Quando ci si trova di fronte a una colomba classica per Pasqua, la prima impressione è quella di un dolce che sa di tradizione, di festa e di casa. Ma la qualità non è sempre una questione di prezzo. A volte, il vero sapore dell’artigianalità non si paga con cifre esorbitanti. Altroconsumo ha deciso di mettere alla prova 12 colombe da supermercato e discount per capire se l’acquisto giusto corrisponde a quello più costoso. Il test di assaggio, che ha coinvolto oltre 200 consumatori tra Milano e Vico Equense, ha fatto emergere gusti e difetti che forse non ci saremmo aspettati.
La colomba “perfetta” non è necessariamente quella con il prezzo più alto, ma quella che riesce a restituire la sensazione di una preparazione attenta, che non pesa sul palato. Non ci sono trucchi né scorciatoie: il successo di un dolce pasquale sta nell’equilibrio dei sapori, nella giusta consistenza e nel miglioramento che si percepisce a ogni morso. Le prove sono state rigorose: sei prodotti anonimi per ogni partecipante, una valutazione meticolosa su aspetto, odore, sapore, consistenza e qualità dei canditi. Non era il marchio a fare la differenza, ma quello che arrivava nel piatto.
La classifica delle colombe del supermercato di Altroconsumo
Al primo posto, a pari merito, sono salite due colombe che hanno convinto per la loro capacità di sembrare artigianali. Giovanni Cova & C. e Tre Marie sono riuscite a mantenere quel sapore di casa, quello che non ha bisogno di essere eccessivamente dolce o pesante per piacere. Tra le otto colombe che si sono fermate a un giudizio positivo ma senza lasciare il segno, nulla ha brillato particolarmente, se non l’impressione di essere tutte un po’ troppo simili. Insomma, nessuna meraviglia, ma nemmeno grossi difetti.

La classifica di Altroconsumo parte dall’assaggio (IlMangione.it)

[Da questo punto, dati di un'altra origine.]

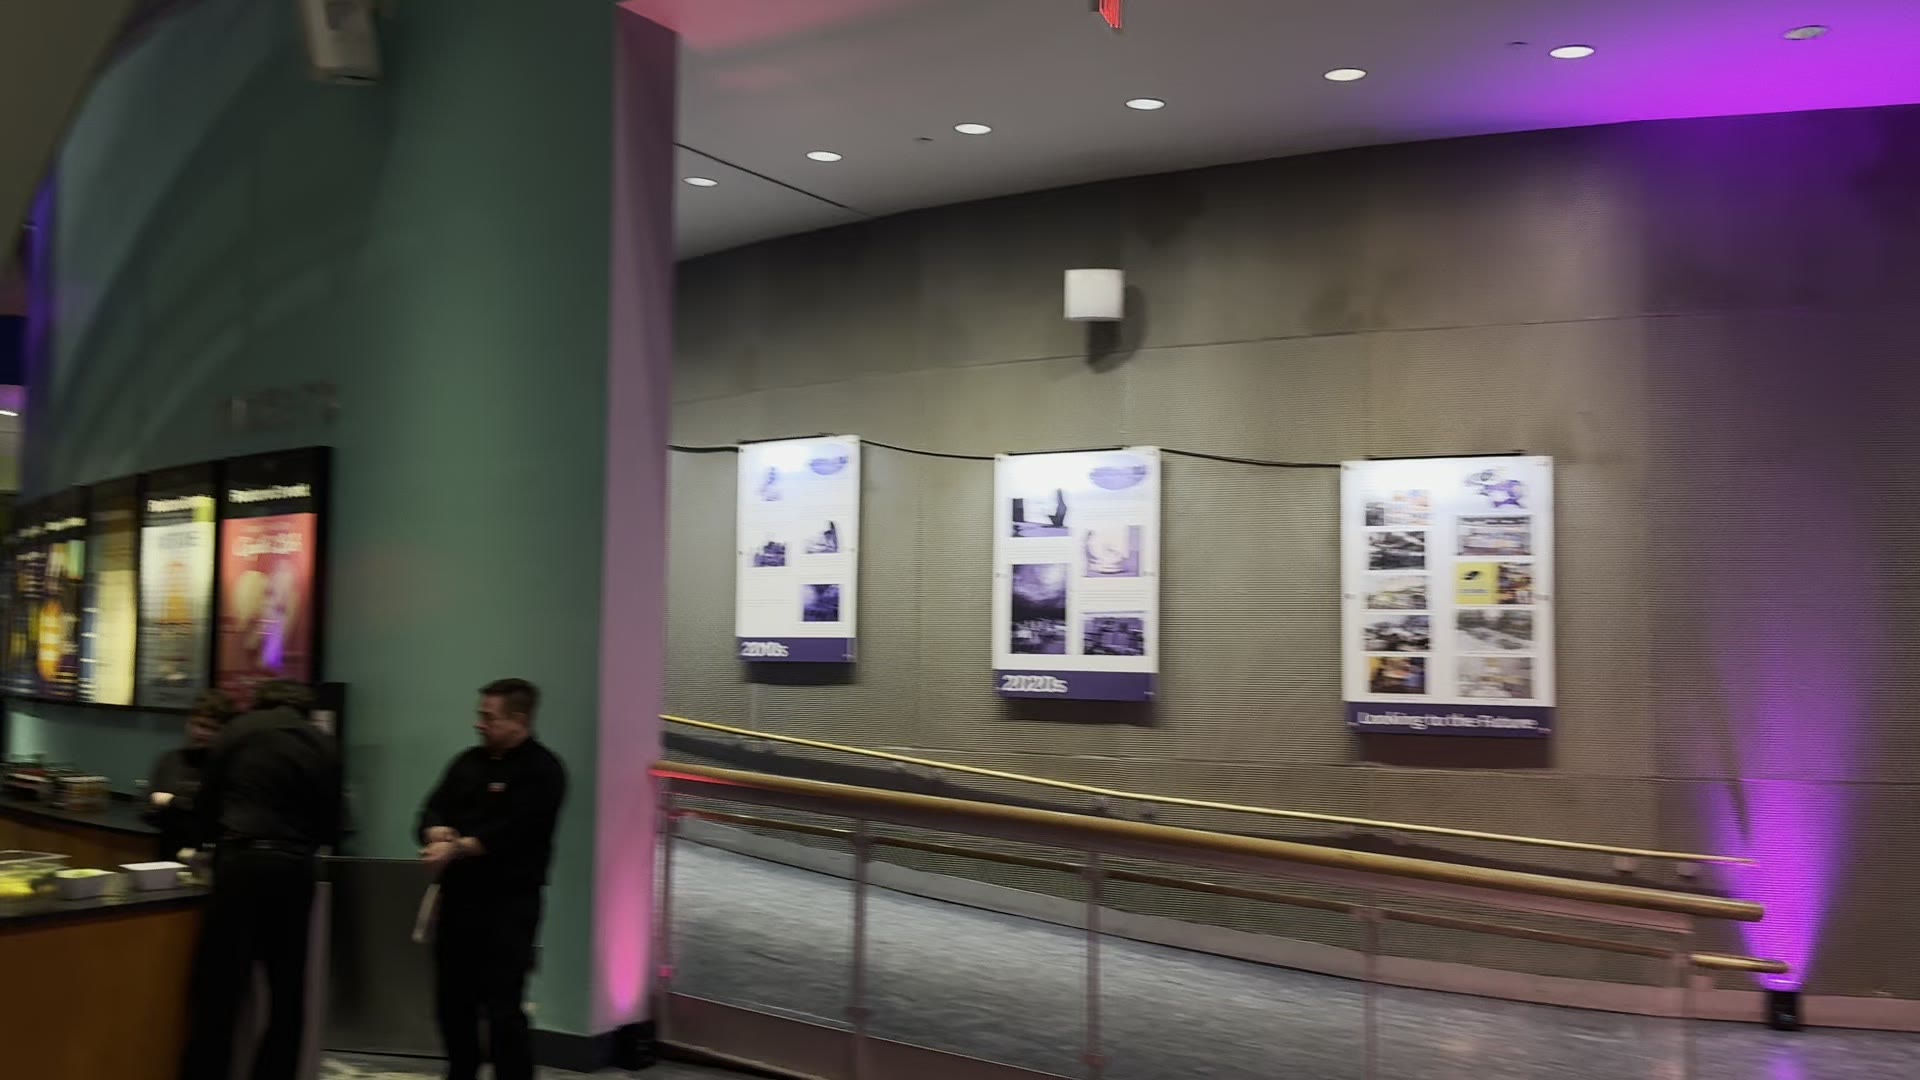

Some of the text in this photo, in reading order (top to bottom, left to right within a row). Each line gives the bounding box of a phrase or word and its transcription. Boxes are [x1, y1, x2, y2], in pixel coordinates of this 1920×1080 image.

[1001, 674, 1068, 693] 2020s
[1357, 711, 1428, 730] Looking
[1476, 714, 1539, 730] Future
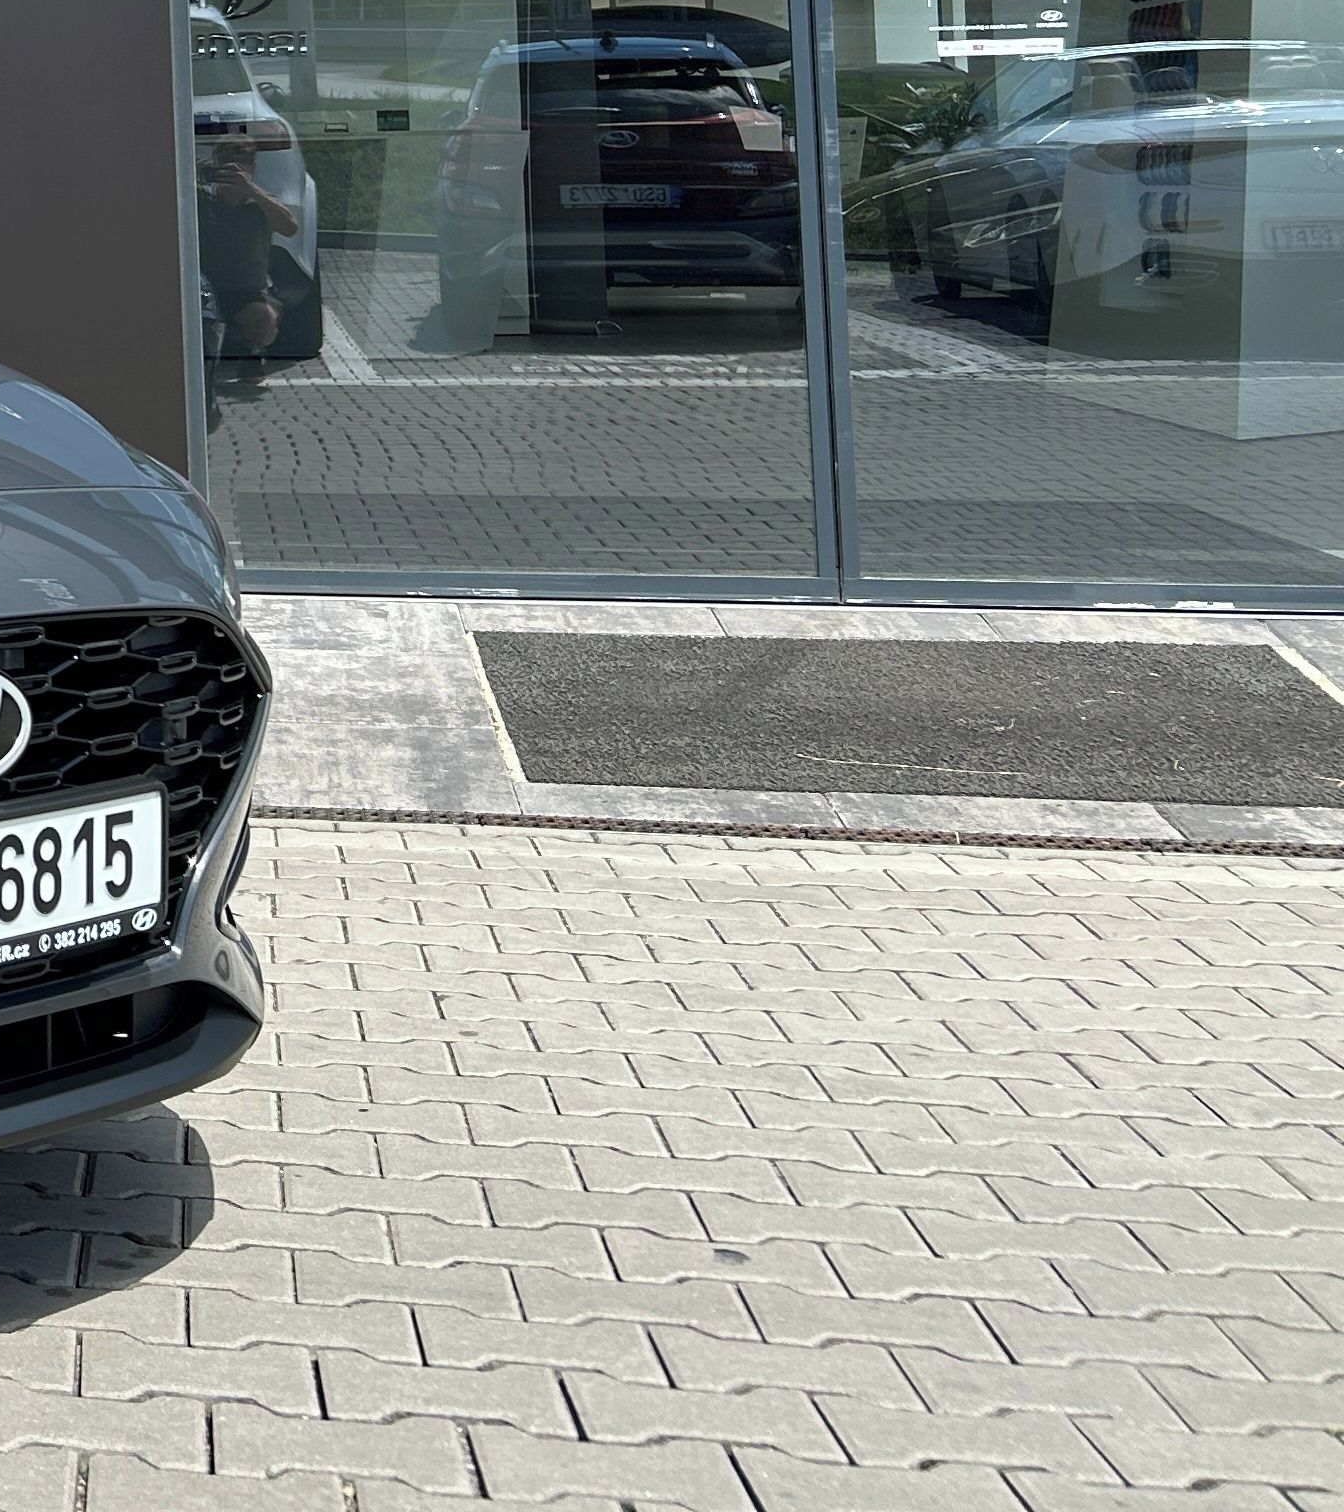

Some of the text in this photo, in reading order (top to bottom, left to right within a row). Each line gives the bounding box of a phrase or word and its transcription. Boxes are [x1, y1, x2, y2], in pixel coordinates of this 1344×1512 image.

[54, 929, 77, 950] 382
[77, 924, 99, 945] 214
[99, 919, 122, 940] 295

Purtroppo non tutte le colombe sono riuscite a passare il test. Balocco si è piazzata in una posizione mediocre, con un impasto che è risultato secco, una scarsa presenza di canditi e un aroma poco avvolgente. Più problematico è stato il caso di Bistefani, che ha ricevuto il punteggio più basso. Troppo secca, con canditi insufficienti e una sensazione finale di un gusto che lasciava a desiderare, un po’ troppo debole e a tratti amarognolo. Una delusione, soprattutto considerando che è anche la più economica del test. Ma, come si dice, quando il prezzo è basso, il rischio di trovare un sapore meno raffinato è sempre dietro l’angolo. Con meno di 4 euro a confezione, la colomba Bistefani non ha convinto, e il risparmio si è fatto sentire anche al palato.
Prezzi stabili, ma non per tutti
Mentre il mercato delle colombe sembra essere rimasto piuttosto stabile, con un leggero aumento che non supera l’1%, il panorama delle uova di Pasqua sta vivendo una vera e propria impennata. Altroconsumo ha evidenziato che alcune uova di cioccolato sono aumentate fino al 19%, con una forbice che arriva a 130 euro al chilo. Il cacao, infatti, sta scendendo, ma il cioccolato delle uova sembra non risentire di questa tendenza. Eppure, i consumatori potrebbero trovarsi davanti a un paradosso: spendere di più per un dolce meno riuscito.
Il mercato delle uova di Pasqua, in fondo, è sempre stato una giungla di prezzi e promesse. Tra i marchi più noti, come Novi e Dolci Preziosi, i prezzi si sono mantenuti stabili o in leggera discesa, ma sono pochi quelli che riescono a giustificare un prezzo superiore. L’alta qualità ha sempre avuto un costo, ma ora più che mai, il confine tra la dolcezza davvero artigianale e quella che sa di plastica è difficile da riconoscere. La sfida tra il prezzo e il valore del gusto rimane, quindi, una questione aperta.